Directions
What's needed is the listing below, repeated word for word with no pictures.
(Input records)
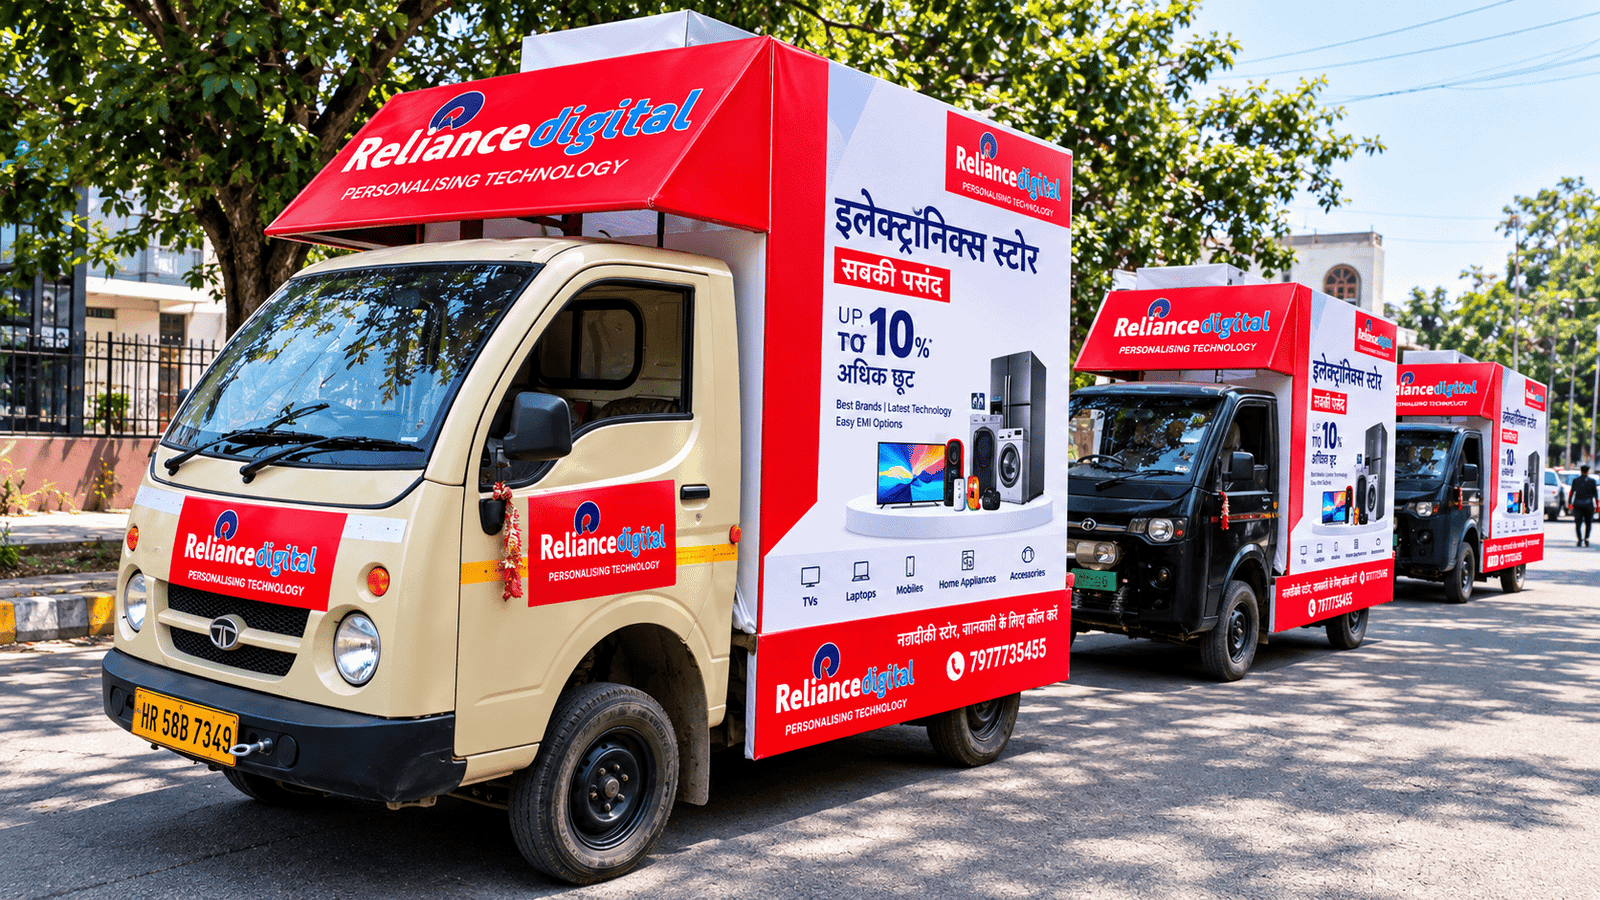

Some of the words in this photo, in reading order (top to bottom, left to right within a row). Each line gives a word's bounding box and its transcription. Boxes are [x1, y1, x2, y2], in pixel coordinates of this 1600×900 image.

[341, 172, 482, 200] PERSONALISING
[484, 159, 629, 187] TECHNOLOGY
[962, 181, 1012, 204] PERSONALISING
[834, 187, 987, 263] इलेक्ट्रॉनिक्स
[992, 229, 1040, 275] स्टोर
[841, 258, 897, 288] सबकी
[900, 267, 943, 298] पसंद
[1118, 345, 1191, 354] PERSONALISING
[1192, 342, 1258, 353] TECHNOLOGY
[837, 357, 888, 386] अधिक
[891, 368, 916, 396] छूट
[835, 416, 855, 429] Easy
[856, 417, 872, 427] EMI
[873, 418, 903, 430] Options
[836, 399, 854, 410] Best
[855, 400, 882, 412] Brands
[887, 403, 911, 413] Latest
[911, 404, 952, 418] Technology
[187, 569, 246, 588] PERSONALISING
[247, 578, 305, 596] TECHNOLOGY
[548, 565, 611, 582] PERSONALISING
[611, 560, 660, 574] TECHNOLOGY
[802, 596, 818, 607] TVs
[845, 588, 877, 603] Laptops
[895, 583, 924, 595] Mobiles
[938, 578, 959, 590] Home
[960, 574, 997, 589] Appliances
[1009, 568, 1046, 581] Accessories
[969, 637, 1047, 674] 7977735455
[140, 702, 158, 732] HR
[162, 709, 189, 741] 58B
[193, 718, 232, 754] 7349
[785, 710, 854, 736] PERSONALISING
[854, 698, 908, 719] TECHNOLOGY
(End Input records)
Answer for the task
Some of the words in this photo, in reading order (top to bottom, left to right within a row). Each line gives a word's bounding box and its transcription. Boxes are [x1, y1, x2, y2], in pixel coordinates of this 1600×900 image.

[341, 172, 482, 200] PERSONALISING
[484, 159, 629, 187] TECHNOLOGY
[962, 181, 1012, 204] PERSONALISING
[834, 187, 987, 263] इलेक्ट्रॉनिक्स
[992, 229, 1040, 275] स्टोर
[841, 258, 897, 288] सबकी
[900, 267, 943, 298] पसंद
[1118, 345, 1191, 354] PERSONALISING
[1192, 342, 1258, 353] TECHNOLOGY
[837, 357, 888, 386] अधिक
[891, 368, 916, 396] छूट
[835, 416, 855, 429] Easy
[856, 417, 872, 427] EMI
[873, 418, 903, 430] Options
[836, 399, 854, 410] Best
[855, 400, 882, 412] Brands
[887, 403, 911, 413] Latest
[911, 404, 952, 418] Technology
[187, 569, 246, 588] PERSONALISING
[247, 578, 305, 596] TECHNOLOGY
[548, 565, 611, 582] PERSONALISING
[611, 560, 660, 574] TECHNOLOGY
[802, 596, 818, 607] TVs
[845, 588, 877, 603] Laptops
[895, 583, 924, 595] Mobiles
[938, 578, 959, 590] Home
[960, 574, 997, 589] Appliances
[1009, 568, 1046, 581] Accessories
[969, 637, 1047, 674] 7977735455
[140, 702, 158, 732] HR
[162, 709, 189, 741] 58B
[193, 718, 232, 754] 7349
[785, 710, 854, 736] PERSONALISING
[854, 698, 908, 719] TECHNOLOGY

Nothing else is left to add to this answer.